[WHAT YOU ARE ASKED TO DO]: Each line of the material below is to be written out exactly. Leave out any picture.

═══

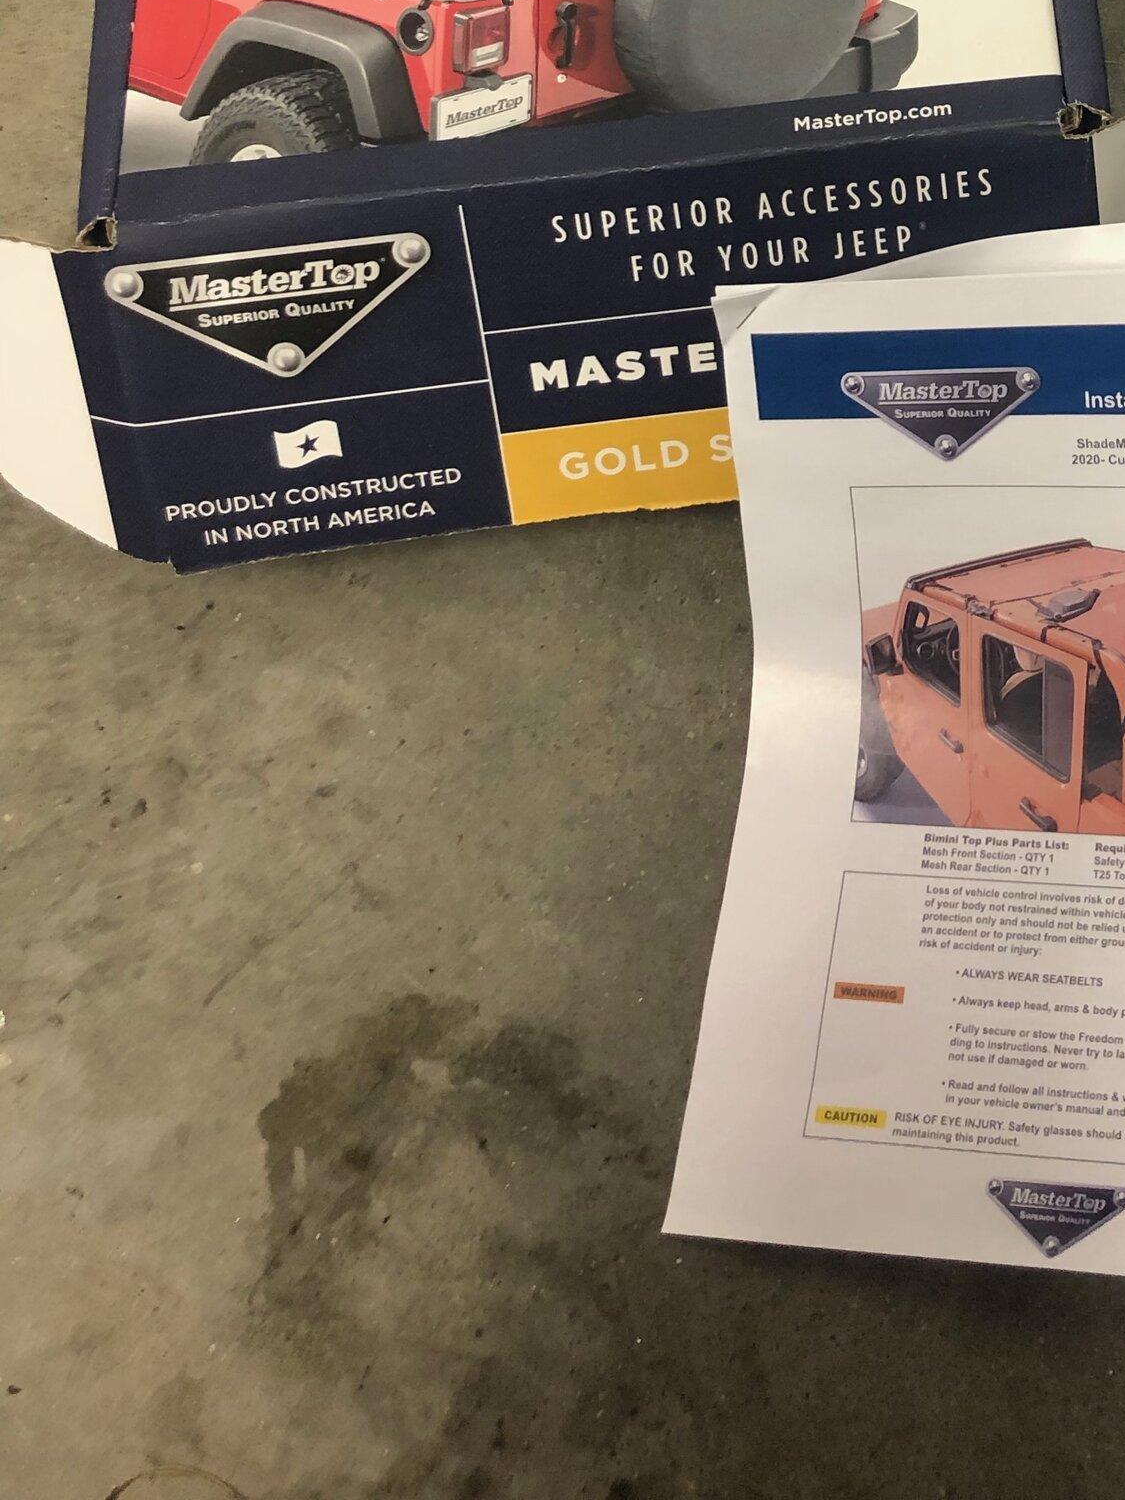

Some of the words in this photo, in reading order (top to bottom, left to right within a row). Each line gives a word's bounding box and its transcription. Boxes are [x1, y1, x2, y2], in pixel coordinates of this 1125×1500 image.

[445, 96, 524, 126] MasterTop
[793, 102, 953, 133] MasterTop.com
[551, 197, 733, 243] SUPERIOR
[758, 168, 994, 220] ACCESSORIES
[631, 245, 695, 282] FOR
[717, 236, 810, 273] YOUR
[168, 256, 380, 307] MasterTop
[198, 308, 280, 328] SUPERIOR
[285, 298, 356, 318] QUALITY
[529, 341, 718, 392] MASTE
[878, 380, 1008, 405] MasterTop
[894, 408, 944, 420] SUPERIOR
[947, 407, 992, 419] QUALITY
[558, 439, 690, 480] GOLD
[164, 490, 278, 522] PROUDLY
[284, 467, 463, 506] CONSTRUCTED
[203, 528, 231, 547] IN
[235, 516, 320, 543] NORTH
[327, 499, 436, 530] AMERICA
[923, 833, 959, 843] Bimini
[962, 835, 983, 847] Top
[984, 836, 1009, 846] Plus
[1011, 838, 1042, 848] Parts
[1044, 840, 1070, 850] List:
[922, 847, 949, 856] Mesh
[950, 848, 978, 858] Front
[978, 850, 1017, 860] Section
[1024, 852, 1046, 861] QTY
[1048, 853, 1054, 862] 1
[1093, 856, 1125, 869] Safety
[920, 860, 948, 870] Mesh
[948, 861, 972, 871] Rear
[974, 862, 1012, 873] Section
[1019, 865, 1042, 874] QTY
[1044, 866, 1050, 875] 1
[1093, 869, 1111, 878] T25
[925, 885, 950, 895] Loss
[952, 887, 963, 896] of
[964, 887, 1000, 898] vehicle
[1002, 889, 1038, 900] control
[1039, 891, 1081, 902] involves
[1083, 894, 1103, 904] risk
[1104, 896, 1116, 905] of
[924, 899, 935, 908] of
[936, 901, 959, 911] your
[960, 901, 987, 913] body
[988, 902, 1006, 912] not
[1006, 903, 1058, 915] restrained
[1059, 906, 1091, 917] within
[961, 968, 1005, 979] ALWAYS
[1006, 971, 1040, 981] WEAR
[1041, 973, 1103, 985] SEATBELTS
[840, 986, 898, 1001] WARNING
[958, 996, 995, 1010] Always
[996, 999, 1022, 1011] keep
[1022, 1001, 1052, 1012] head,
[1053, 1004, 1080, 1013] arms
[1081, 1005, 1090, 1014] &
[1092, 1006, 1119, 1018] body
[957, 1096, 981, 1108] your
[983, 1097, 1020, 1108] vehicle
[1064, 1104, 1105, 1115] manual
[824, 1110, 879, 1125] CAUTION
[894, 1113, 920, 1123] RISK
[922, 1115, 937, 1124] OF
[939, 1116, 962, 1126] EYE
[1007, 1122, 1041, 1135] Safety
[1042, 1124, 1083, 1138] glasses
[1085, 1128, 1122, 1140] should
[891, 1127, 953, 1143] maintaining
[954, 1132, 974, 1142] this
[976, 1134, 1020, 1148] product.
[1010, 1187, 1106, 1214] MasterTop
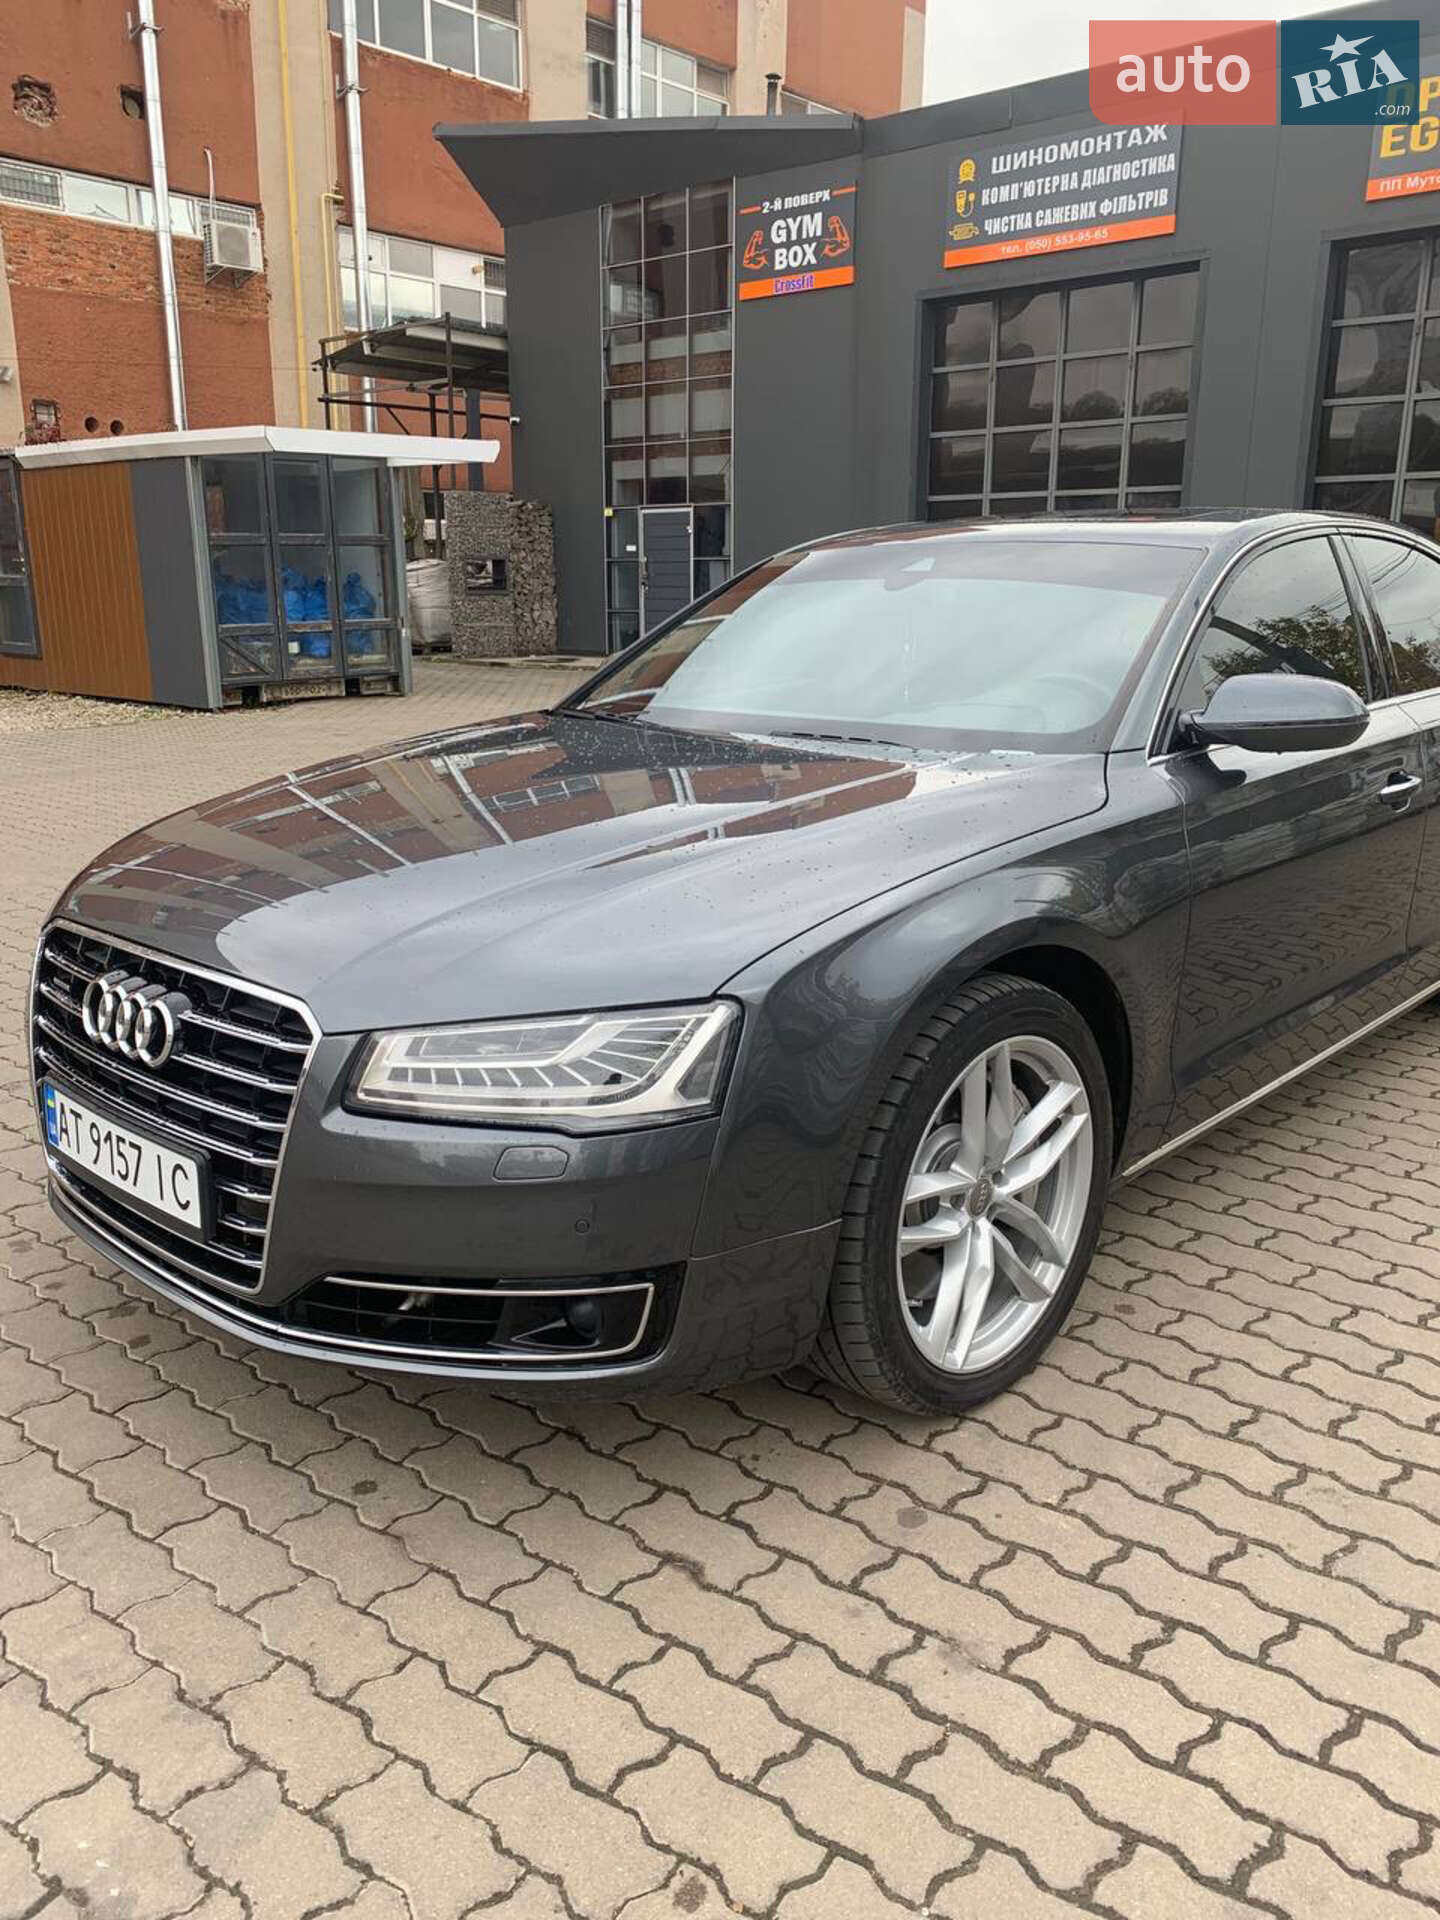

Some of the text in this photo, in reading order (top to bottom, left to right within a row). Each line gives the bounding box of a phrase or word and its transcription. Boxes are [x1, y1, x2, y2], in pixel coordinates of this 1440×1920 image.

[991, 124, 1168, 175] ШИНОМОНТАЖ
[784, 189, 831, 210] ПОВЕРХ
[981, 153, 1176, 206] КОМП'ЮТЕРНА ДІАГНОСТИКА
[771, 211, 823, 244] GYM
[984, 188, 1168, 236] ЧИСТКА САЖЕВИХ ФІЛЬТРІВ
[774, 242, 817, 271] BOX
[60, 1102, 190, 1210] AT 9157 IC
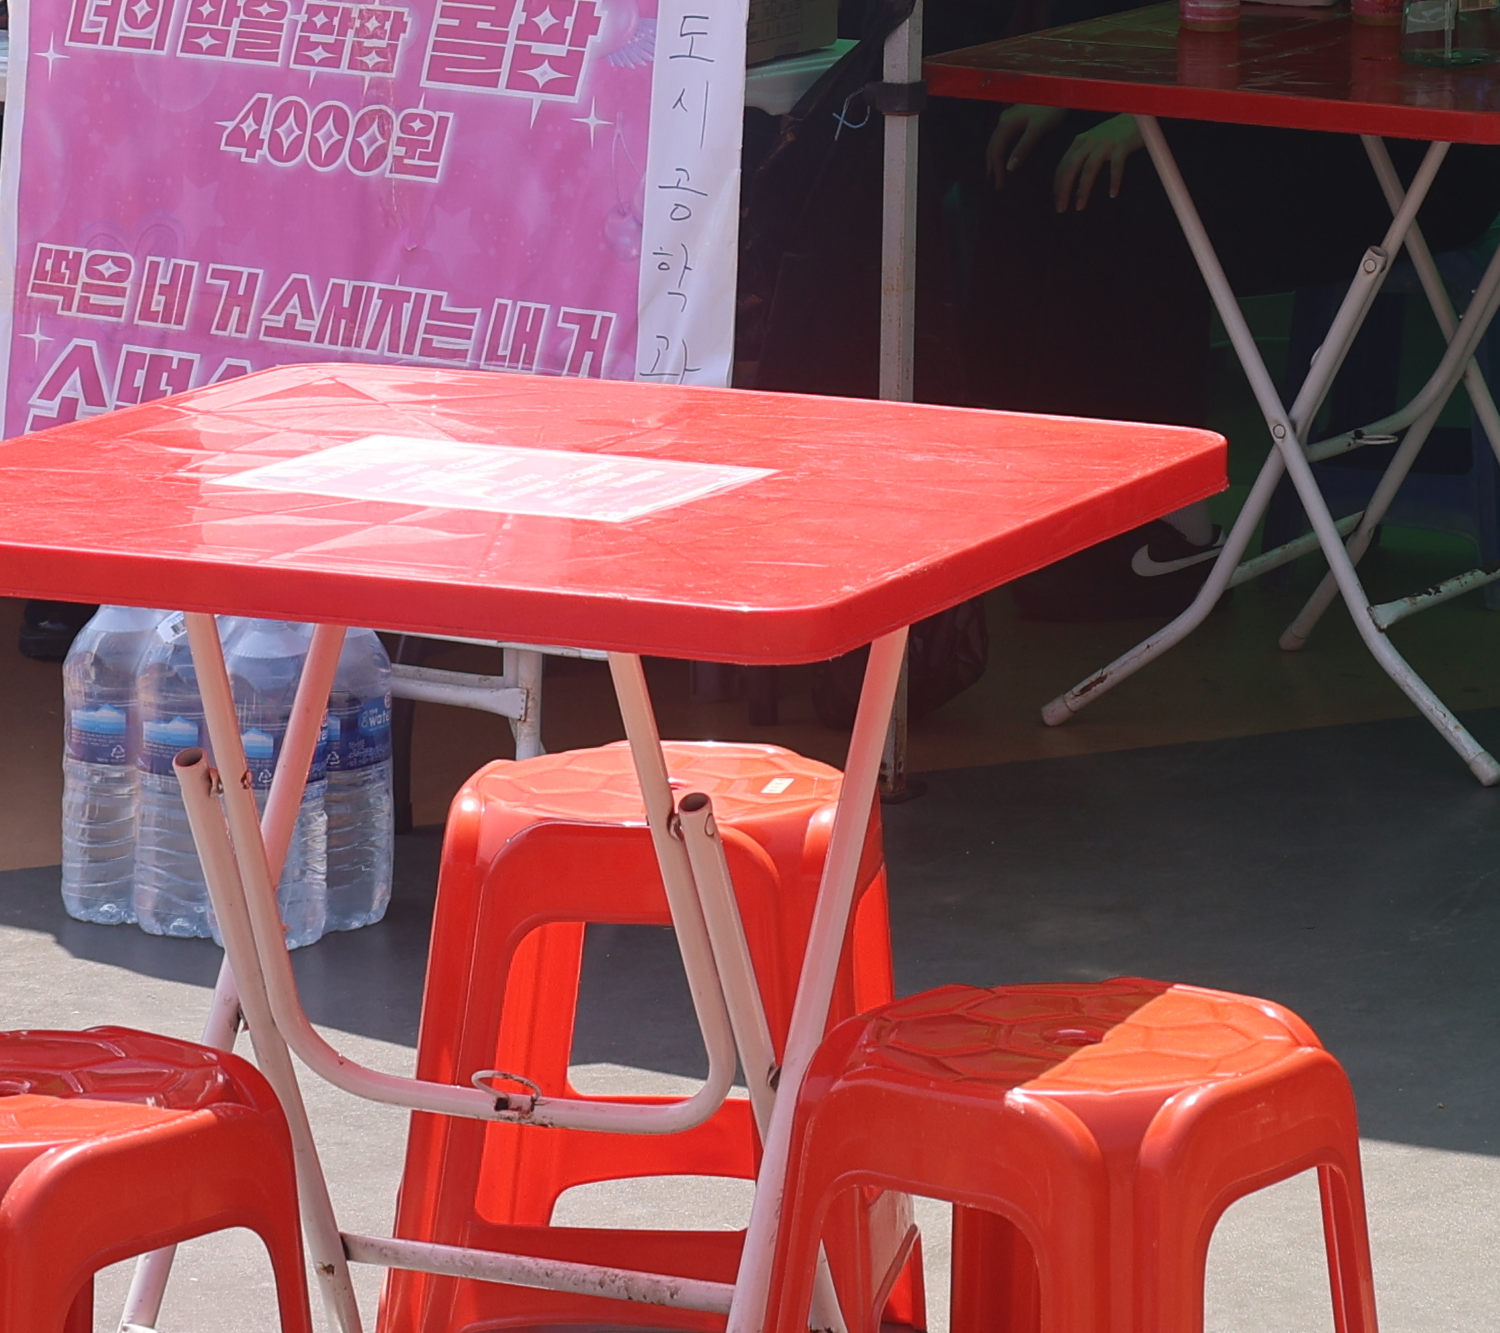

═══

[TASK RESPONSE]:
Some of the words in this photo, in reading order (top to bottom, left to right within a row). Each line gives a word's bounding box and its transcription. Boxes are [x1, y1, x2, y2], in pixel coordinates of this 1125×1500 image.

[445, 96, 524, 126] MasterTop
[793, 102, 953, 133] MasterTop.com
[551, 197, 733, 243] SUPERIOR
[758, 168, 994, 220] ACCESSORIES
[631, 245, 695, 282] FOR
[717, 236, 810, 273] YOUR
[168, 256, 380, 307] MasterTop
[198, 308, 280, 328] SUPERIOR
[285, 298, 356, 318] QUALITY
[529, 341, 718, 392] MASTE
[878, 380, 1008, 405] MasterTop
[894, 408, 944, 420] SUPERIOR
[947, 407, 992, 419] QUALITY
[558, 439, 690, 480] GOLD
[164, 490, 278, 522] PROUDLY
[284, 467, 463, 506] CONSTRUCTED
[203, 528, 231, 547] IN
[235, 516, 320, 543] NORTH
[327, 499, 436, 530] AMERICA
[923, 833, 959, 843] Bimini
[962, 835, 983, 847] Top
[984, 836, 1009, 846] Plus
[1011, 838, 1042, 848] Parts
[1044, 840, 1070, 850] List:
[922, 847, 949, 856] Mesh
[950, 848, 978, 858] Front
[978, 850, 1017, 860] Section
[1024, 852, 1046, 861] QTY
[1048, 853, 1054, 862] 1
[1093, 856, 1125, 869] Safety
[920, 860, 948, 870] Mesh
[948, 861, 972, 871] Rear
[974, 862, 1012, 873] Section
[1019, 865, 1042, 874] QTY
[1044, 866, 1050, 875] 1
[1093, 869, 1111, 878] T25
[925, 885, 950, 895] Loss
[952, 887, 963, 896] of
[964, 887, 1000, 898] vehicle
[1002, 889, 1038, 900] control
[1039, 891, 1081, 902] involves
[1083, 894, 1103, 904] risk
[1104, 896, 1116, 905] of
[924, 899, 935, 908] of
[936, 901, 959, 911] your
[960, 901, 987, 913] body
[988, 902, 1006, 912] not
[1006, 903, 1058, 915] restrained
[1059, 906, 1091, 917] within
[961, 968, 1005, 979] ALWAYS
[1006, 971, 1040, 981] WEAR
[1041, 973, 1103, 985] SEATBELTS
[840, 986, 898, 1001] WARNING
[958, 996, 995, 1010] Always
[996, 999, 1022, 1011] keep
[1022, 1001, 1052, 1012] head,
[1053, 1004, 1080, 1013] arms
[1081, 1005, 1090, 1014] &
[1092, 1006, 1119, 1018] body
[957, 1096, 981, 1108] your
[983, 1097, 1020, 1108] vehicle
[1064, 1104, 1105, 1115] manual
[824, 1110, 879, 1125] CAUTION
[894, 1113, 920, 1123] RISK
[922, 1115, 937, 1124] OF
[939, 1116, 962, 1126] EYE
[1007, 1122, 1041, 1135] Safety
[1042, 1124, 1083, 1138] glasses
[1085, 1128, 1122, 1140] should
[891, 1127, 953, 1143] maintaining
[954, 1132, 974, 1142] this
[976, 1134, 1020, 1148] product.
[1010, 1187, 1106, 1214] MasterTop

Some of the text in this photo, in reading order (top to bottom, left to right within a row). Each line gives the bounding box of a phrase or word and its transcription. Boxes are [x1, y1, x2, y2], in pixel coordinates of this 1440×1920 image.

[991, 124, 1168, 175] ШИНОМОНТАЖ
[784, 189, 831, 210] ПОВЕРХ
[981, 153, 1176, 206] КОМП'ЮТЕРНА ДІАГНОСТИКА
[771, 211, 823, 244] GYM
[984, 188, 1168, 236] ЧИСТКА САЖЕВИХ ФІЛЬТРІВ
[774, 242, 817, 271] BOX
[60, 1102, 190, 1210] AT 9157 IC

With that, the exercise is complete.